I enjoyed the Russian tea (14 rmb) and salad, but the chicken and rice (29 rmb) was bland. I don’t know much about Russian food other than borscht so I could be wrong, but the chicken and rice looked quasi-Chinese, though the menu offered Chinese chicken and rice as well. I’d definitely return, but I’d order something else.


C Rating

There’s a newer restaurant in the neighborhood that we call “Fahad’s Restaurant” because it’s the only one he’ll eat in. It’s got a rather up scale decor for this part of town with lots of red and gold. Fahad can’t bring himself to eat anywhere else around here.

Some of the restaurants in Jinan have posted a sign that shows how the food inspector has rated their establishment. Last week I saw that Fahad’s restaurant just got a C, the lowest rating symbolized with a red unhappy face. I’ve never been in that kitchen, but wouldn’t be surprised by anything here.

Needs improvement

Needs improvement

Yesterday I went to the “dumpling restaurant,” a hole in the wall with food I’ve always liked and a kitchen I’ve only gotten a glimpse of. I wouldn’t want to get a tour of that kitchen.

Guess what? Their inspection got the same result as Fahad’s restaurant. Hmm.

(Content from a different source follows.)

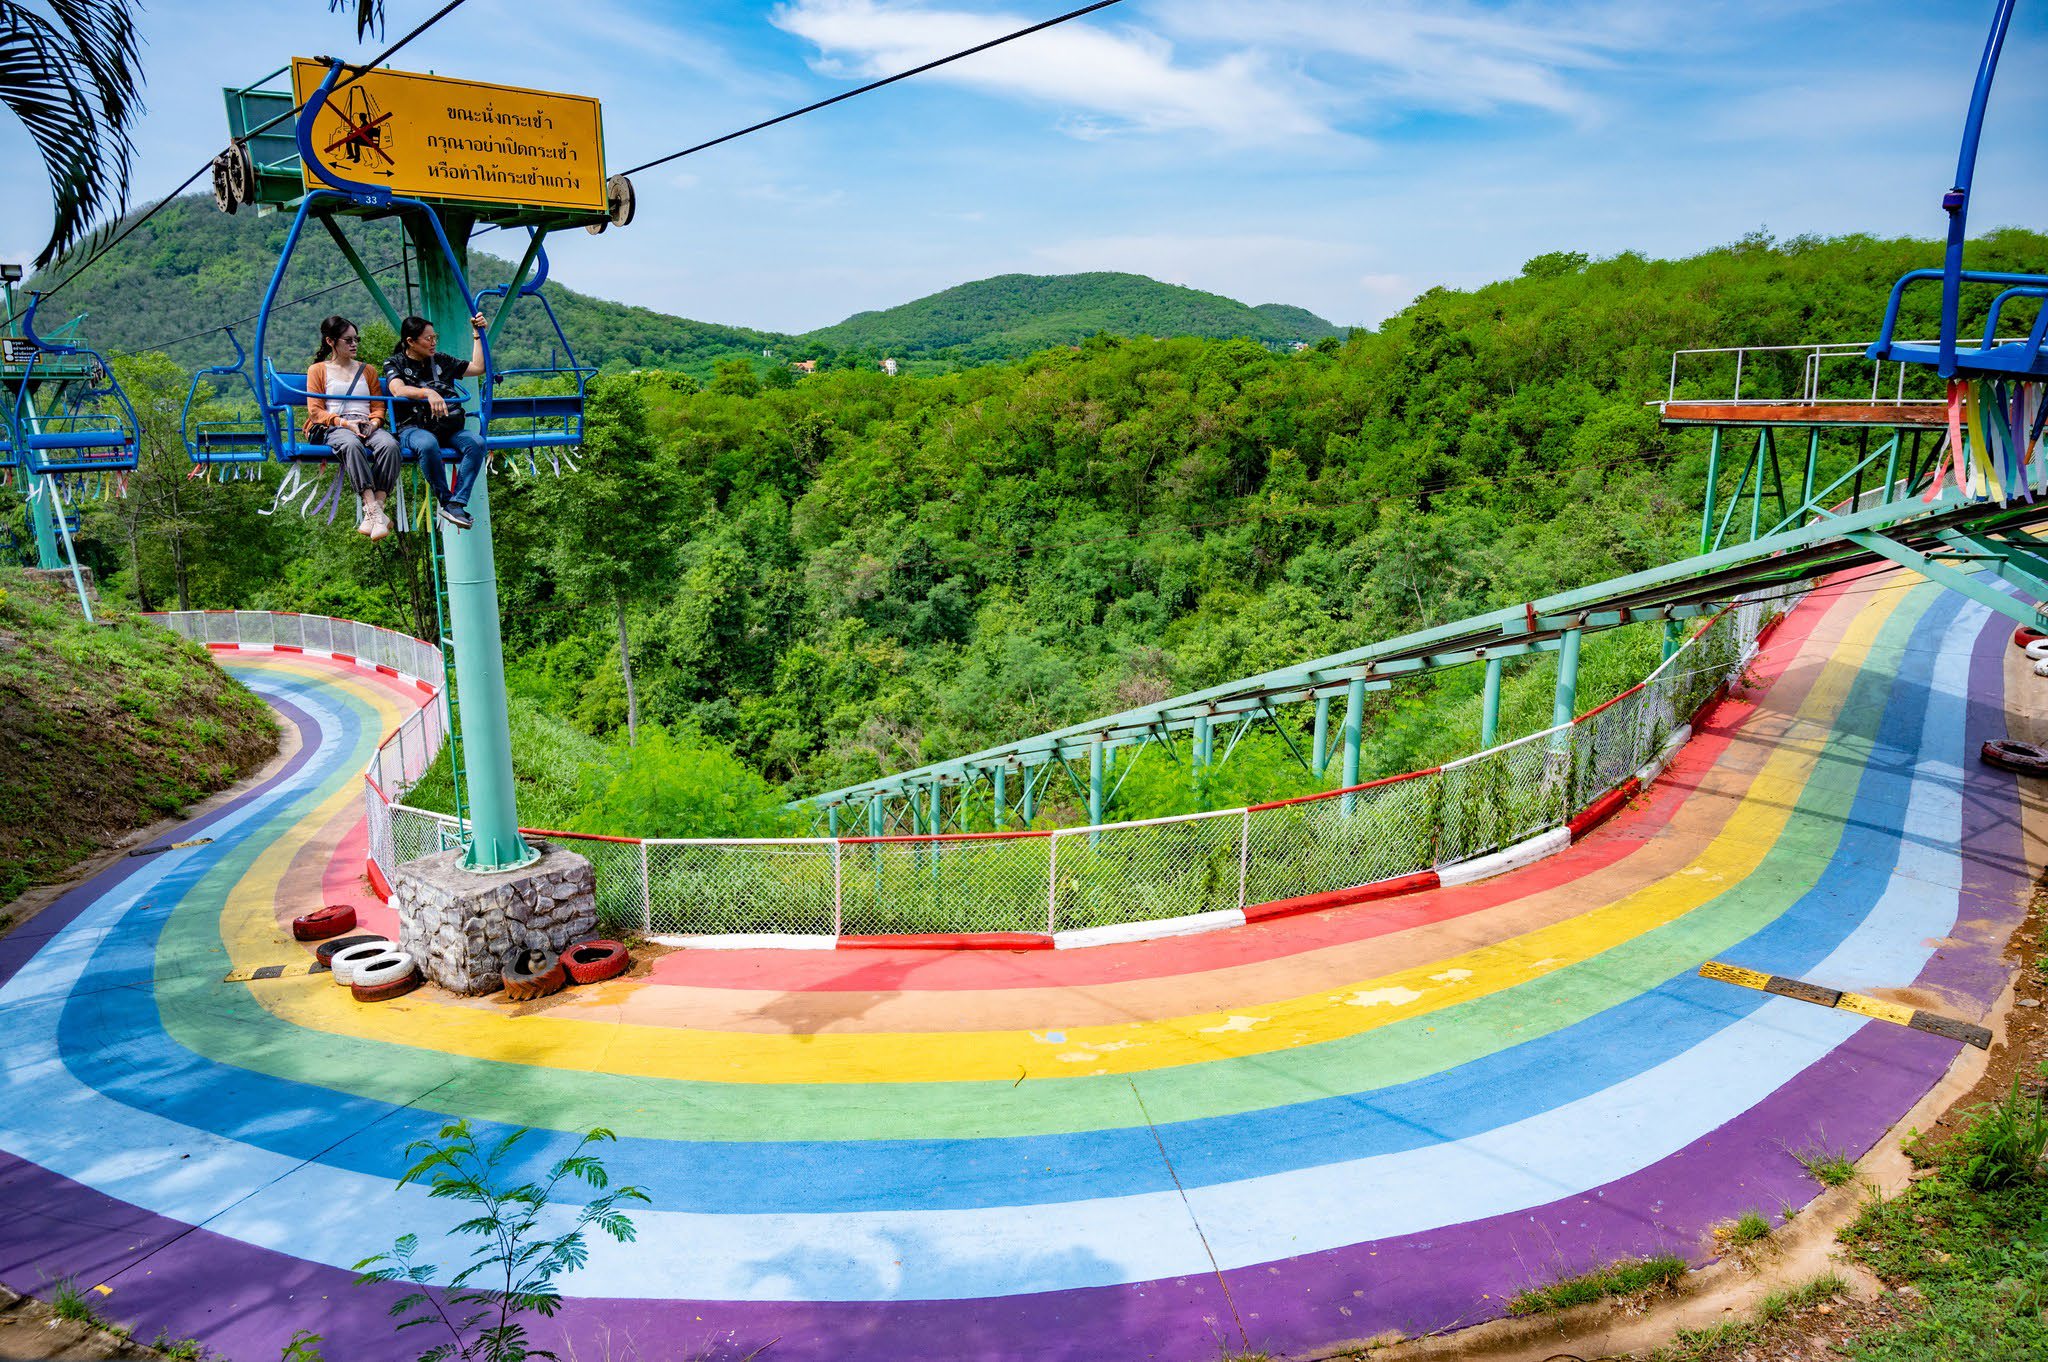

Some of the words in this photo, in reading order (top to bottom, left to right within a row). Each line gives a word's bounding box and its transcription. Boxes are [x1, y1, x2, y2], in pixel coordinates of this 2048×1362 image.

[447, 102, 553, 129] ขณะนั่งกระเช้า
[427, 134, 577, 161] กรุณาอย่าเปิดกระเช้า
[428, 161, 580, 189] หรือทำให้กระเช้าแกว่ง
[365, 195, 378, 205] 33

Any theories? I’ve got a few.

Jinan’s Irish Pub

Very Irish decor

Very Irish decor

Friday some of us celebrated St. Patrick’s Day early by going to the Irish pub here in Jinan, in the mall across from the old stadium. I was surprised to see a children’s birthday party in progess at the pub. There was a table with about a dozen 10 year olds. At the far end of the pub a big screen showed Despicable Me 2. So the atmosphere didn’t quite match the decor.

The woman who served us spoke English well and was very attentive. There weren’t many people there. I don’t think this mall gets the same traffic as more central shopping areas do and that affects business.

Since it was Friday and Lent, I had the tuna panini. The beef stew with mashed potatoes looked good, though the portion was on the small side. Other friends got shepard’s pie and fish and chips, which again looked good. I loved my indulgent Bailey’s milkshake. What a great idea! They had Guinness stout and lots of beers. One friend had a Belgian beer, Delrium Tremens, which came in a glass with the brand’s pink elephants. Another friend ordered a different beer and that came in a special glass. While I don’t care for beer, these unique glasses have captured my imagination.

The prices were on the high side, but that’s how it is when you go for imported food. It was a nice way to end the week. If you go, go for a restaurant rather than bar experience.